Worried you may not like your new ride the minute you park it in the garage? No problem, Hyundai Motor America Inc. will take it back within three days of purchase.

Don’t have time to drive to the dealership for a test drive? Use the Hyundai Drive app, and you’ll be picked up in the model you’ve been eyeing online.

Haven’t had time to research a vehicle’s fair-market value? It’s listed on your local dealer’s website.

And not sure if you can even afford it? That dealer website—you can prequalify for a loan there, too.

Today the Irvine-based automaker launched Shopper Assurance, a program meant to take the drama out of the car-buying experience by addressing what Hyundai considers buyers’ common pain points—transparency, convenience, and buyer’s remorse.

“We recognize, like a lot of brands today, that consumers continue to drive change in how they are taking in and digesting services and products,” said Chief Marketing Officer Dean Evans. He said inspiration for the program came from customer-centric companies, including Amazon.com Inc., Best Buy Co. Inc. and CarMax Inc.
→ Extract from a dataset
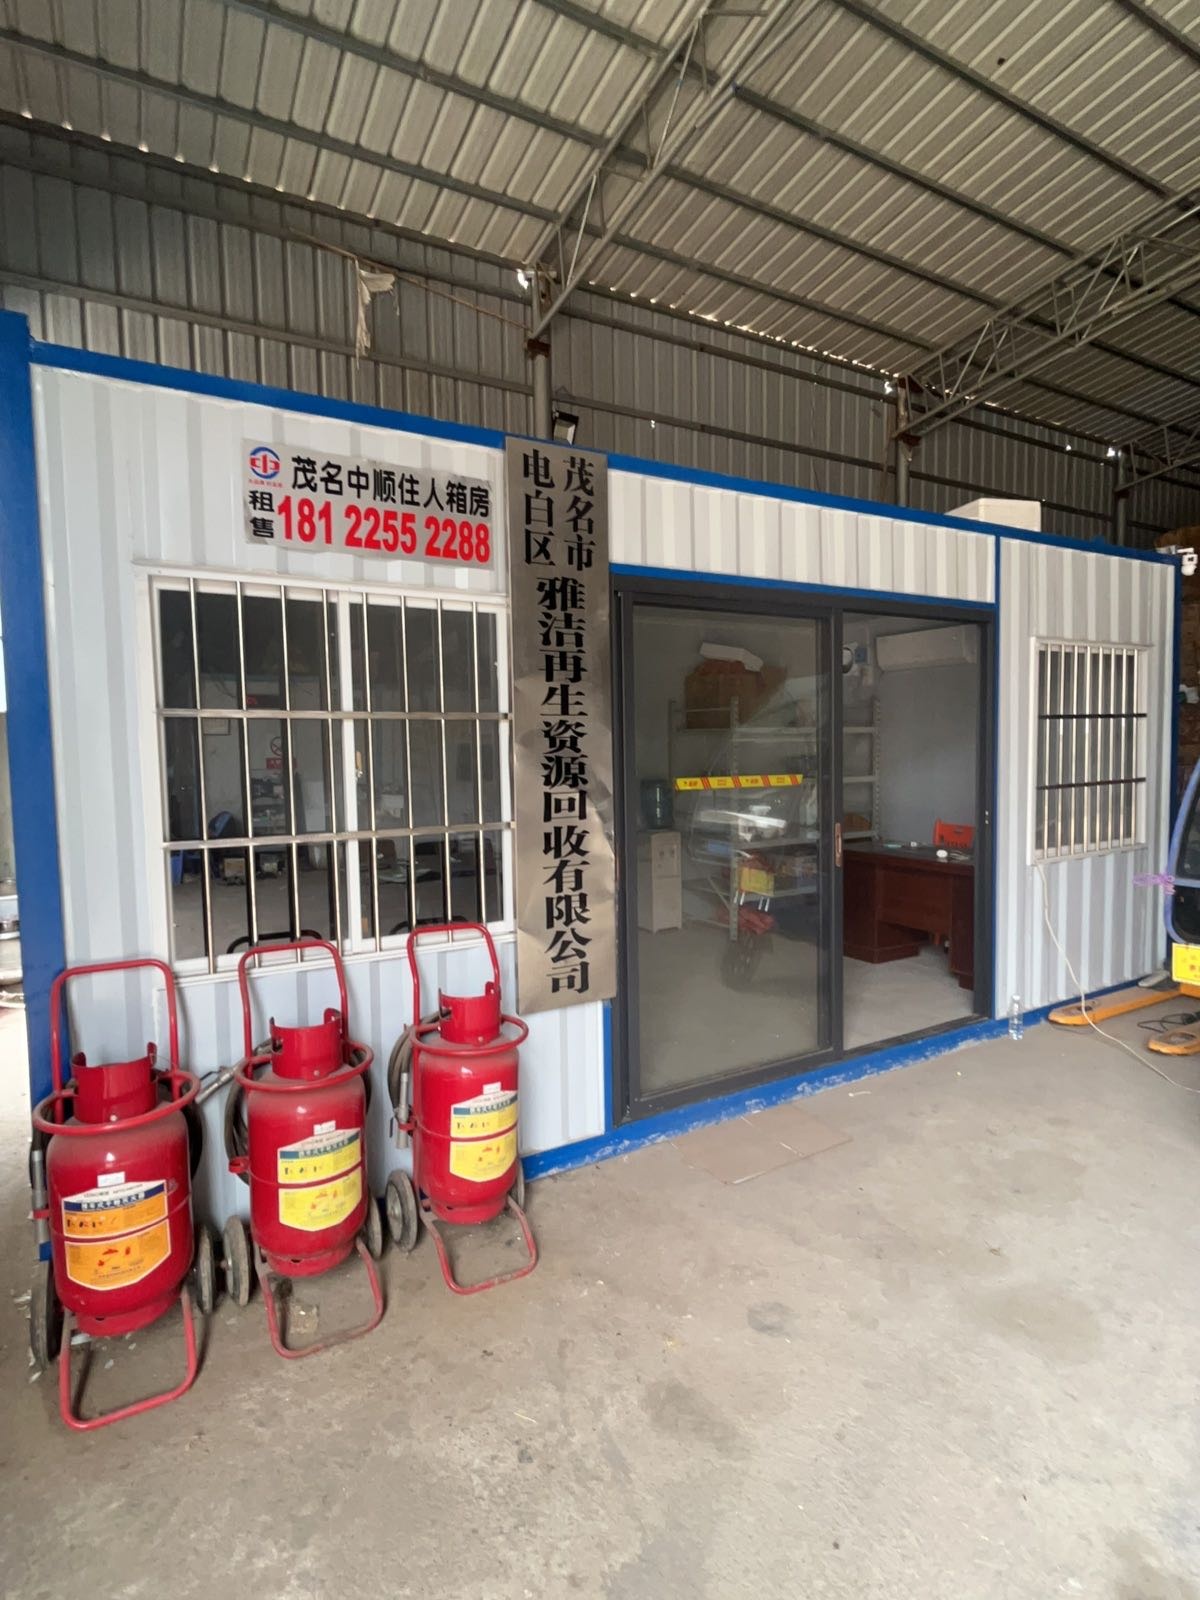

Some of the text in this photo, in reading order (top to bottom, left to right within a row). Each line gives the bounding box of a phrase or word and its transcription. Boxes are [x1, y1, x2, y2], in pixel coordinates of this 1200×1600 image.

“There is that transparency that a lot of businesses are doing that we are going to strive for here, as well.”

Shopper Assurance, for now, is available in Miami, Orlando, Dallas and Houston—Hyundai’s top markets— and will stretch nationwide early next year.

“We wanted to be in large metropolitan markets, and Florida and Texas are two out of the three largest volume states in registrations,” Evans said. “Our top dealers … raised their hand early on to say, ‘We want to really try this first and make it work.’ Months later, the hurricanes hit—three out of four—and we’re like, ‘I hope that’s not a sign.’ We stuck with it, and everyone thinks this is even better now at the end of the day, putting extra resources and time and energy into these markets to help these dealers [who had] life-shattering events.”


Shopper Assurance provides an opportunity for Hyundai to "synchronize the retail experience with evolving consumer retail behavior," according to Rebecca Lindland, an executive analyst at Kelley Blue Book in Irvine. "The research we're doing at Cox Automotive validates much of what Hyundai is addressing with this program. As an industry, we need to make car buying a positive experience, not a periodically painful process!”

It consists of “four pillars,” including “transparent pricing,” where dealers can post consumer rebates and local discounts along with vehicles’ MSRP pricing to reduce the customary haggling and align with where third-party websites—turecar.com, Edmunds.com and KBB.com—say the average transaction price is in the marketplace.